Mr Goldsmith, who has reportedly upset local farmers with the release of the wild animals, has strenuously denied suggestions of any wrongdoing last night and called it a ‘storm in a teacup’. He accepted around 22 deer did escape and said he had been ‘naive in relation to guidelines’, but said he was ‘not aware of any meaningful wrongdoing’.
Simon Hoare, Conservative MP for North Dorset, told the Mail: 'I'm aware of this via friends affected by the rampaging boar on their land. If hobby farmers want to play they must secure their land as their hobby affects the livelihoods of others."
Labour farming spokesman Daniel Zeichner said that if the allegations were true, Mr Goldsmith should ‘consider his position’.
He said: ‘People in senior positions like that should be obeying the law, particularly when directly relevant to the department that they’re a part of.’
A Defra spokesman said: ‘We’re aware of the claims and there is an ongoing investigation.
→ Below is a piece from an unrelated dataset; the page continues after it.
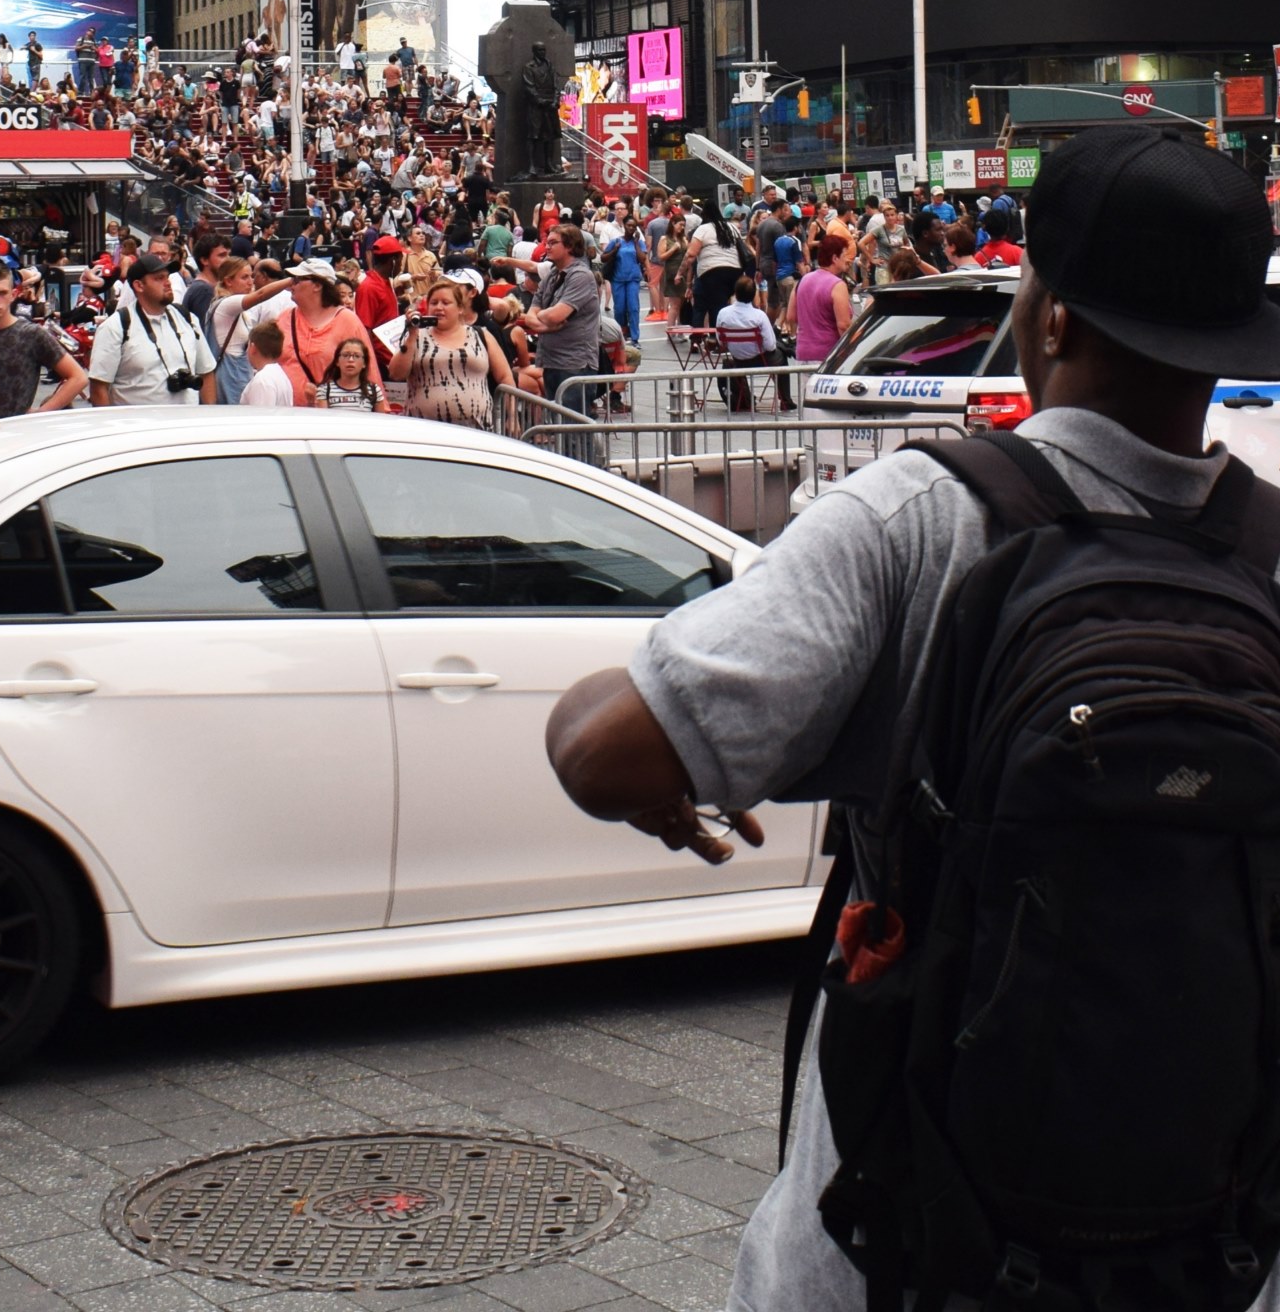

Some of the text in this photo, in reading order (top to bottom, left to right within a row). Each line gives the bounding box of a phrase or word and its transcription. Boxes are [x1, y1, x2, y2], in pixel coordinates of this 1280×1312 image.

It wouldn’t be appropriate to comment.’
You can view the NPA's briefing on feral boar HERE
Feeding wild boar
The article, by Mail journalist Guy Adams, explains how Mr Goldsmith has spoken often of rewilding his estate and the surrounding area.
It also refers to ‘rumours’, currently being investigated by police, that Mr Goldsmith is behind the sudden arrival of a ‘vast number of wild boar’, a claim he denies. Photographs of boar have certainly been taken in multiple locations the local area in recent months (right, as shown in a picture in the Mail article) and signs have been erected warning the public not to approach them.
Mr Goldsmith said they had been in the area for decades, although he does admit to having encouraged the boar population to visit his land.
“I’ve had a hopper in the woods, feeding them for observation purposes for three or four years,” he told Mr Adams, who wrote that he told another local: “I am to blame for feeding them and that’s why they have lost their fear of humans.”
Mr Goldsmith also farms free-range Tamworth pigs at his estate and the article points out that he is meant to follow stringent biosecurity protocols, include preventing wild boar from getting anywhere near their livestock, due to the risk of spread of diseases like ASF.
The local NFU’s local representative is quoted as saying there is ‘clearly there is a big biosecurity risk here’.
Mr Goldsmith told the Mail: “I fed them on a different area to where I keep the Tamworths,” adding he had stopped the practice “and won’t do it again”.
He added: “In the ten years I have been here, I have never owned a wild boar or been responsible for the release or escape of any wild boar. I am categorically sure of that, because doing it deliberately would be illegal.”
However, a text sent to a neighbour appears to contradict that, although Mr Goldsmith said he must have ‘accidentally written ‘wild boar’ instead of pig’, while typing on his phone.